Se si utilizzano questi dispositivi in ambienti commerciali, ecco dove iniziano i veri problemi. Non c’è niente di peggio che avere un riscaldatore guasto nel bel mezzo di una notte invernale, e rendersi conto che bisogna smontare l’intero dispositivo solo per riparare una parte. È proprio in questi casi che i soldi vanno sprecati.
Il metodo “scambio rapido”
Abbiamo deciso di smettere di utilizzare congegni sigillati. Invece, abbiamo optato per una soluzione modulare.
Immaginatevelo così: l’elemento a infrarossi non è inserito all’interno del dispositivo, ma trova posto in un contenitore separato, fissato con sistemi di fissaggio rapidi.
Quindi, quando il tubo si brucia dopo cinque anni, non è necessario smontare l’intero dispositivo dal soffitto. Basta semplicemente aprire il contenitore, rimuovere il tubo vecchio e inserirne uno nuovo. In questo modo, un lavoro che richiederebbe ore di lavoro diventa semplicemente un’operazione di cinque minuti.
Gestire acqua e calore
Ecco il problema: di solito, quando si rende un dispositivo impermeabile, si finisce per trattenere il calore all’interno. È come giocare a “tira e molla” costante tra acqua e calore.
Per risolvere questo problema, abbiamo mantenuto i componenti elettrici lontani dalla zona calda. Utilizziamo guarnizioni resistenti, capaci di resistere anche alle tempeste di pioggia, senza fondersi quando l’elemento a infrarossi entra in funzione.
Un’altra cosa da tenere a mente: poiché il dispositivo è sigillato per impedire all’acqua di entrare, i cavi interni possono surriscaldarsi. Assicuratevi quindi che il supporto di montaggio abbia spazio sufficiente per permettere alla corrente d’aria di circolare. Un po’ di aria fresca può fare molta differenza per evitare che i componenti interni si deteriorino troppo velocemente.
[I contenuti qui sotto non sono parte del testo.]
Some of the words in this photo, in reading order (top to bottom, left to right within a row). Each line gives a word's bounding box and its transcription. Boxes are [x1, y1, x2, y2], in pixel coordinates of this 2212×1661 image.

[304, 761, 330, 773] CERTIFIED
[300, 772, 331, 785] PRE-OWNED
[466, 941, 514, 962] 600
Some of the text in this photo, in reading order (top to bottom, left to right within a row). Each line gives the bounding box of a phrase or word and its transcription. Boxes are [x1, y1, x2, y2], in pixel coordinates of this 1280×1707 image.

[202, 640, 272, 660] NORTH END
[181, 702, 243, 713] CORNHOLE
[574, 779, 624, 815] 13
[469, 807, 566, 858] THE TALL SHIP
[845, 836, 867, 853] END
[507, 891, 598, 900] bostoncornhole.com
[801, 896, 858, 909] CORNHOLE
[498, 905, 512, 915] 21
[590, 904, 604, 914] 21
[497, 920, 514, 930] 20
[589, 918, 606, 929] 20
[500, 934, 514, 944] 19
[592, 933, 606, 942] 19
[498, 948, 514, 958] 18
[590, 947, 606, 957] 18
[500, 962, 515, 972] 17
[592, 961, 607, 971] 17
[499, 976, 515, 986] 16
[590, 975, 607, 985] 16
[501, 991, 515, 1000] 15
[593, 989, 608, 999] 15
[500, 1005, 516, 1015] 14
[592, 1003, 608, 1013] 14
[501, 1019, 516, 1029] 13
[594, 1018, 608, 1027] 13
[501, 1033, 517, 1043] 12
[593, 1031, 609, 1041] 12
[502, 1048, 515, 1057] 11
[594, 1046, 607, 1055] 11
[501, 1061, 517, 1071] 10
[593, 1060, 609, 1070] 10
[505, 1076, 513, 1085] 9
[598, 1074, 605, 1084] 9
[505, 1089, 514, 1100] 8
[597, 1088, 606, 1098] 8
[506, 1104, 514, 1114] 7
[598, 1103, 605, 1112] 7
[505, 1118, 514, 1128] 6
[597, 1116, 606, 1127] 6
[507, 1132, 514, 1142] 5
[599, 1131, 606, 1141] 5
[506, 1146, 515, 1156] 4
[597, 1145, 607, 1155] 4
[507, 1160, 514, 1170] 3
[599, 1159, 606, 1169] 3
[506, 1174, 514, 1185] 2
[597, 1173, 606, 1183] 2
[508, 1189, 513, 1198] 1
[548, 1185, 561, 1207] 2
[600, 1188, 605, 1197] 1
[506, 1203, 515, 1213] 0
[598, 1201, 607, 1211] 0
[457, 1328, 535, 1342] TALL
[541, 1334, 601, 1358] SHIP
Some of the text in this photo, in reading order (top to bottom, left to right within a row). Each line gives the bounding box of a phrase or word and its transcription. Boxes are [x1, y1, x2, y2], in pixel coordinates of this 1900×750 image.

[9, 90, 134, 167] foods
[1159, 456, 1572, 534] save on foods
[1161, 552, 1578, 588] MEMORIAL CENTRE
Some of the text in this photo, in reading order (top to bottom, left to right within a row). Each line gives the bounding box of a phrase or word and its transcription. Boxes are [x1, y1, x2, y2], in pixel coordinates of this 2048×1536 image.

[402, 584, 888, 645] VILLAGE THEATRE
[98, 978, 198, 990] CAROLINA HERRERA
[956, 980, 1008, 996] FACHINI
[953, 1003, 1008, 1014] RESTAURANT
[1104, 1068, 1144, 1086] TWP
Niente attrezzi complicati necessari
Odiamo gli attrezzi speciali. Non c’è niente di più frustrante che dover utilizzare un cacciavite particolare per effettuare una semplice riparazione.
Abbiamo preferito utilizzare attrezzi industriali standard. Chiunque possieda un set di attrezzi base può gestire questi dispositivi. Trattiamo l’elemento riscaldante come una lampadina: è un componente destinato ad essere sostituito, non una parte permanente dell’impianto.
Basta sostituire il tubo, verificare che il sigillo sia corretto, accendere l’interruttore… e il dispositivo torna a funzionare. Semplice, no?